» The problem
Your task is to return, word for word, only the lines from the line with "Some of the text" through the close of the data. Exclude all pictures.

» Extracted records

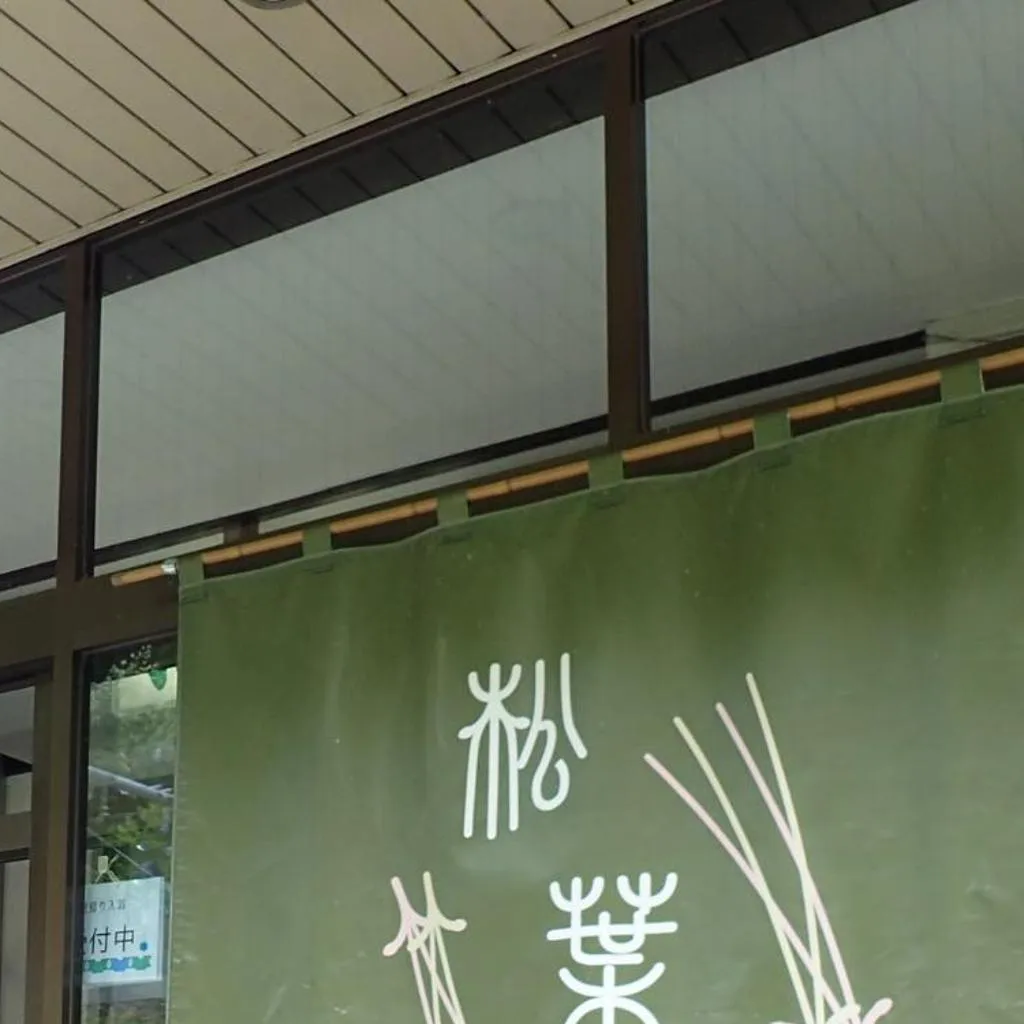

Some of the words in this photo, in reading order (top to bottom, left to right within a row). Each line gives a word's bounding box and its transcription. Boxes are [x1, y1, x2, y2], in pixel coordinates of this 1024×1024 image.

[84, 899, 126, 912] 帰り入浴
[83, 924, 135, 955] 付中
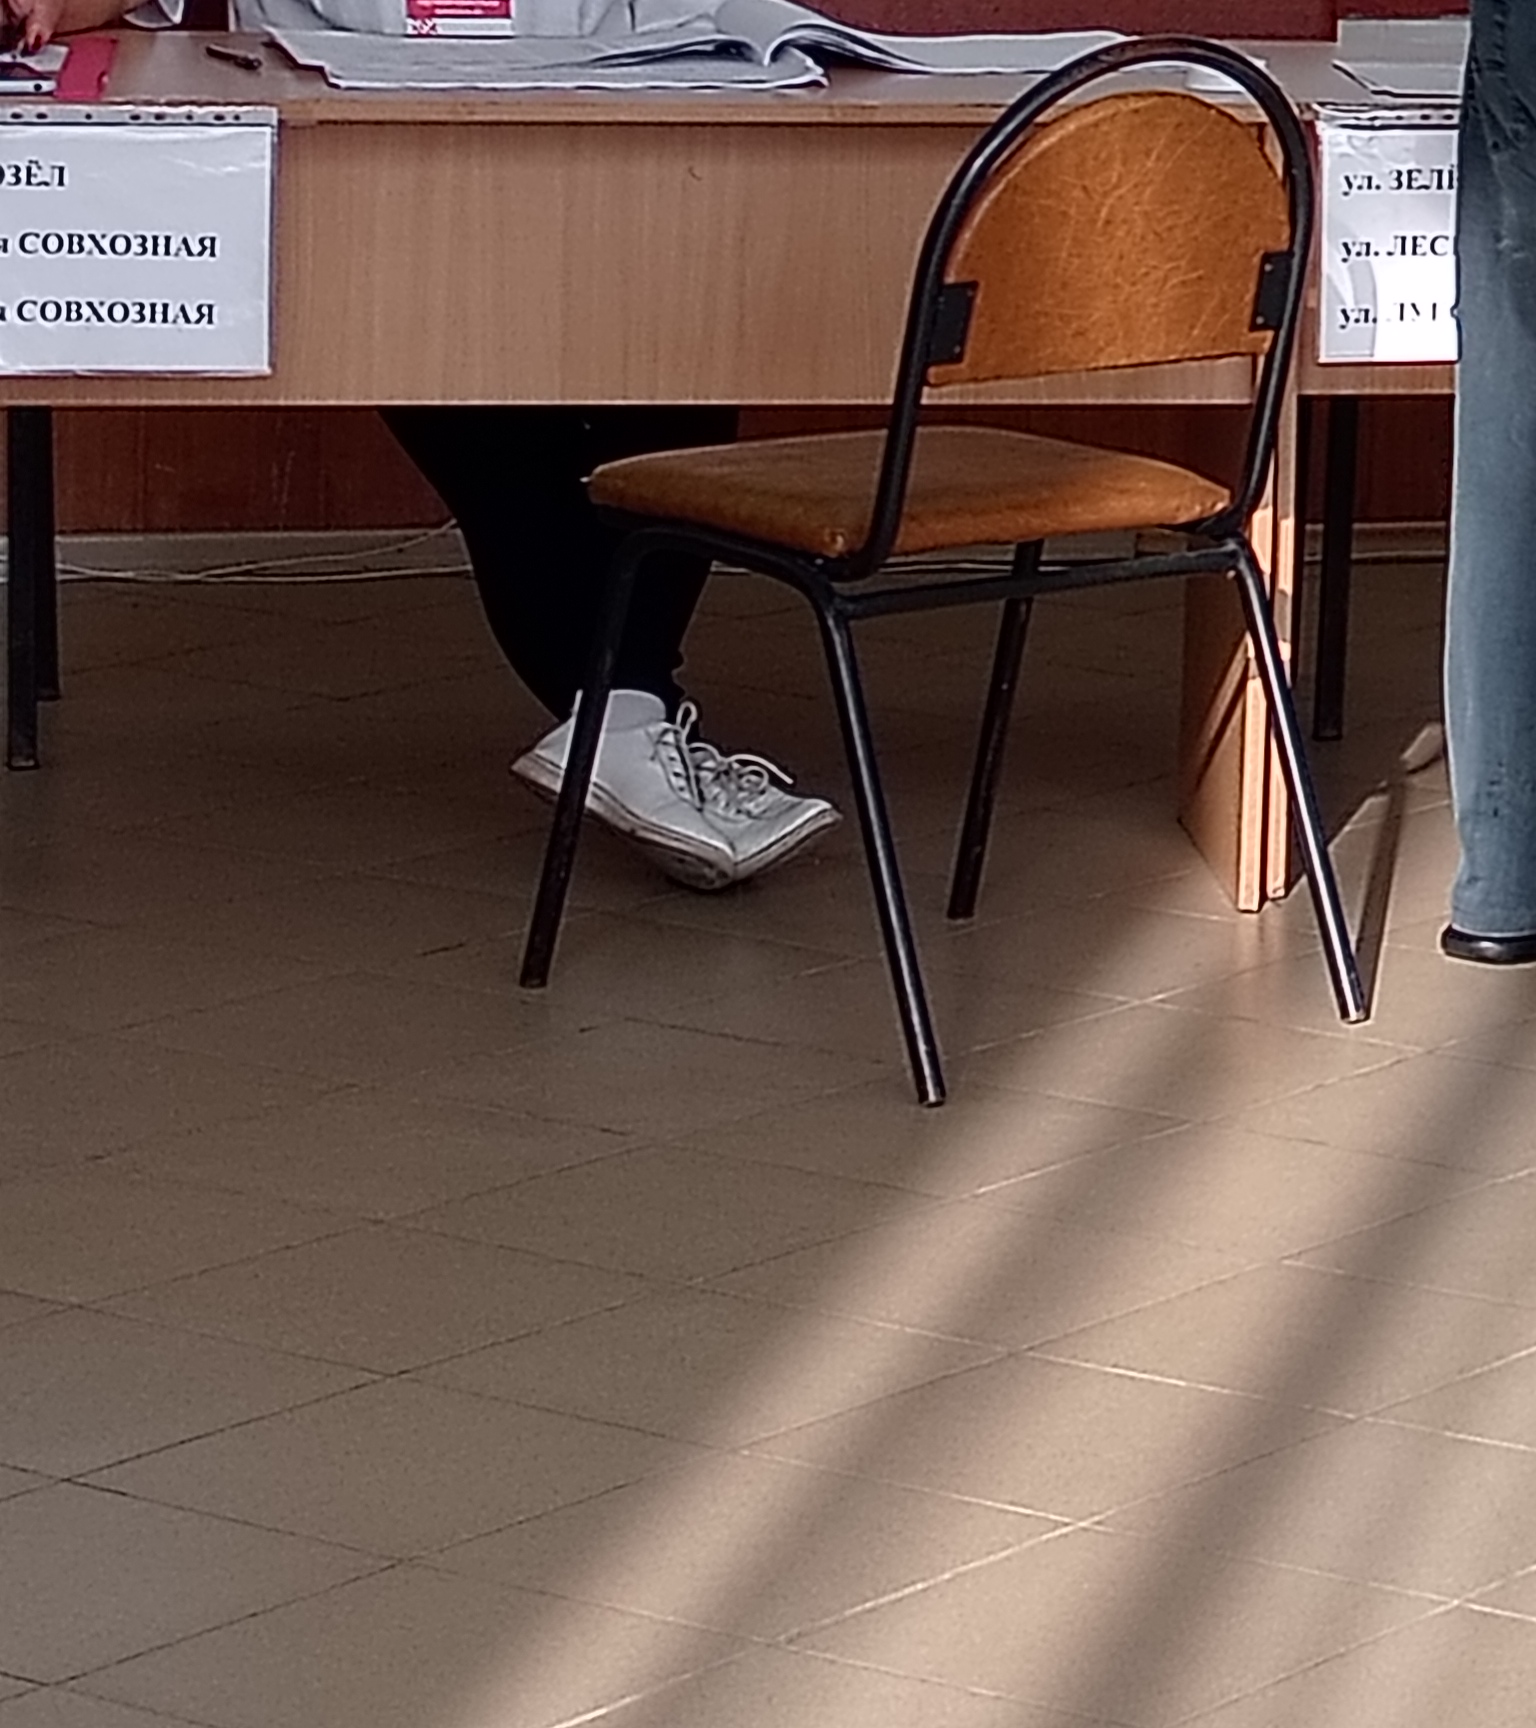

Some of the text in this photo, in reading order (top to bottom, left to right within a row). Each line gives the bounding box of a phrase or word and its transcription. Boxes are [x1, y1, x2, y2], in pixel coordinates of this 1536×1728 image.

[0, 159, 66, 187] ЗЁЛ
[1342, 174, 1382, 197] ул.
[18, 232, 218, 258] СОВХОЗНАЯ
[1340, 234, 1456, 264] ул. ЛЕС
[16, 298, 216, 325] СОВХОЗНАЯ
[1338, 307, 1378, 330] ул.
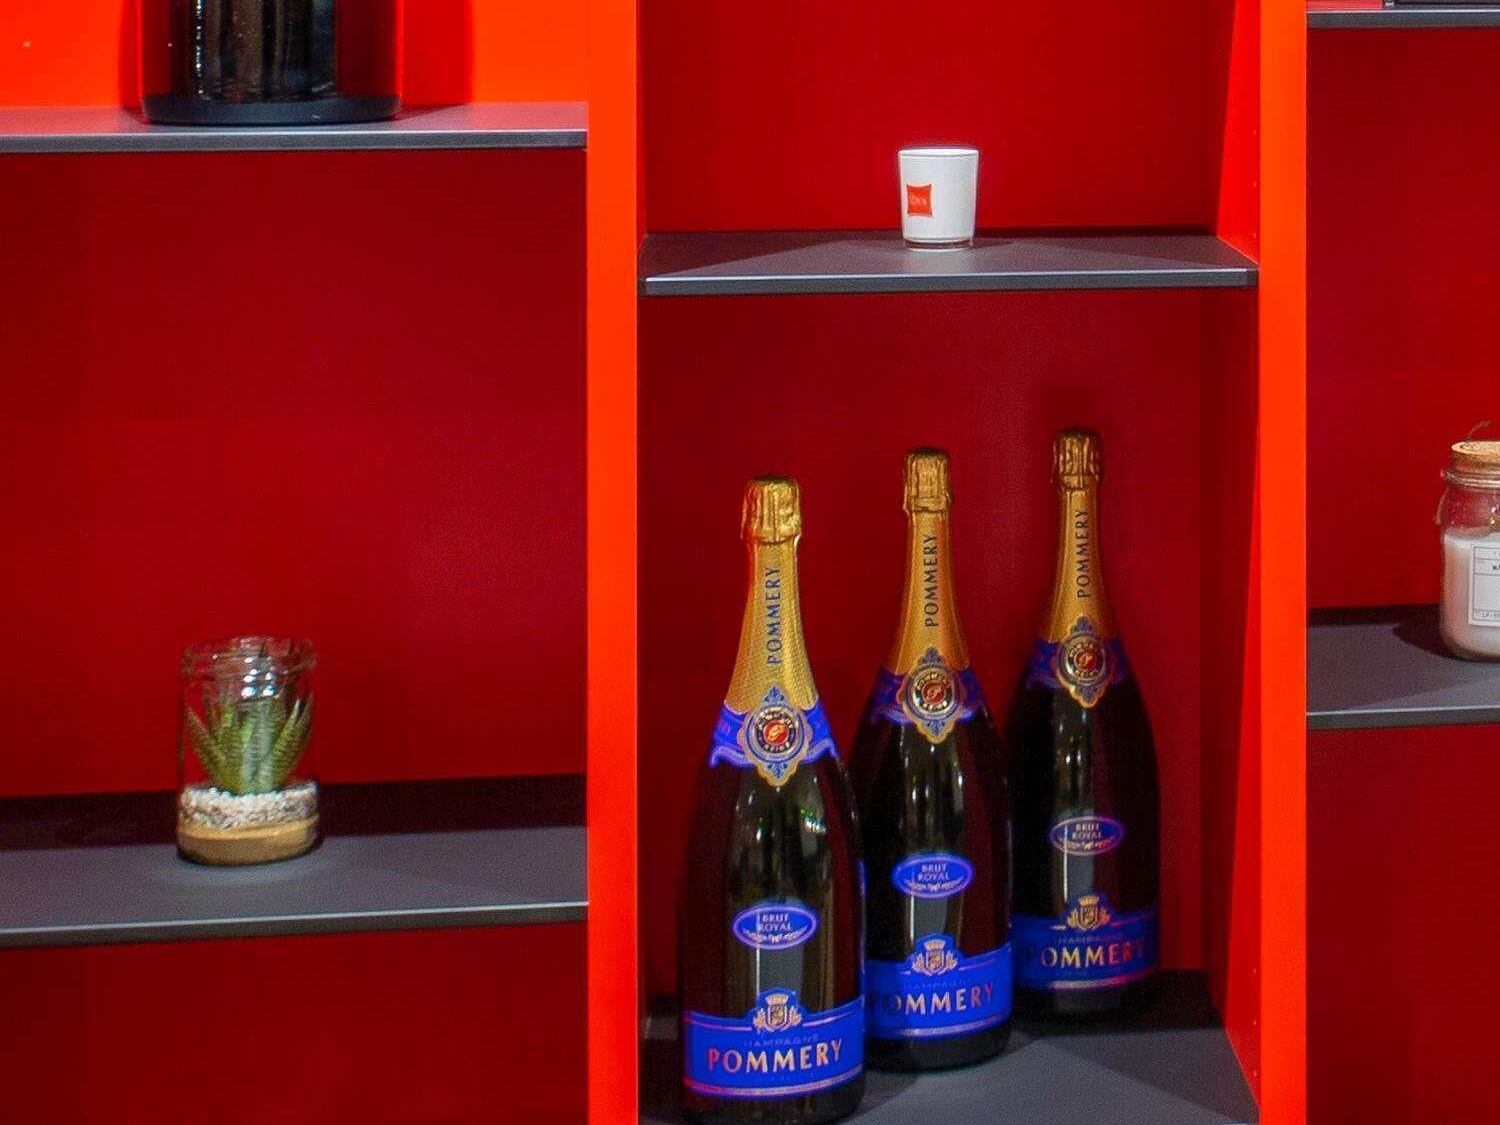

» Answer to this exercise
Some of the text in this photo, in reading order (top to bottom, left to right within a row). Each line gives the bounding box of a phrase or word and its transcription. Boxes are [x1, y1, x2, y2], in pixel coordinates of this 1536×1728 image.

[0, 159, 66, 187] ЗЁЛ
[1342, 174, 1382, 197] ул.
[18, 232, 218, 258] СОВХОЗНАЯ
[1340, 234, 1456, 264] ул. ЛЕС
[16, 298, 216, 325] СОВХОЗНАЯ
[1338, 307, 1378, 330] ул.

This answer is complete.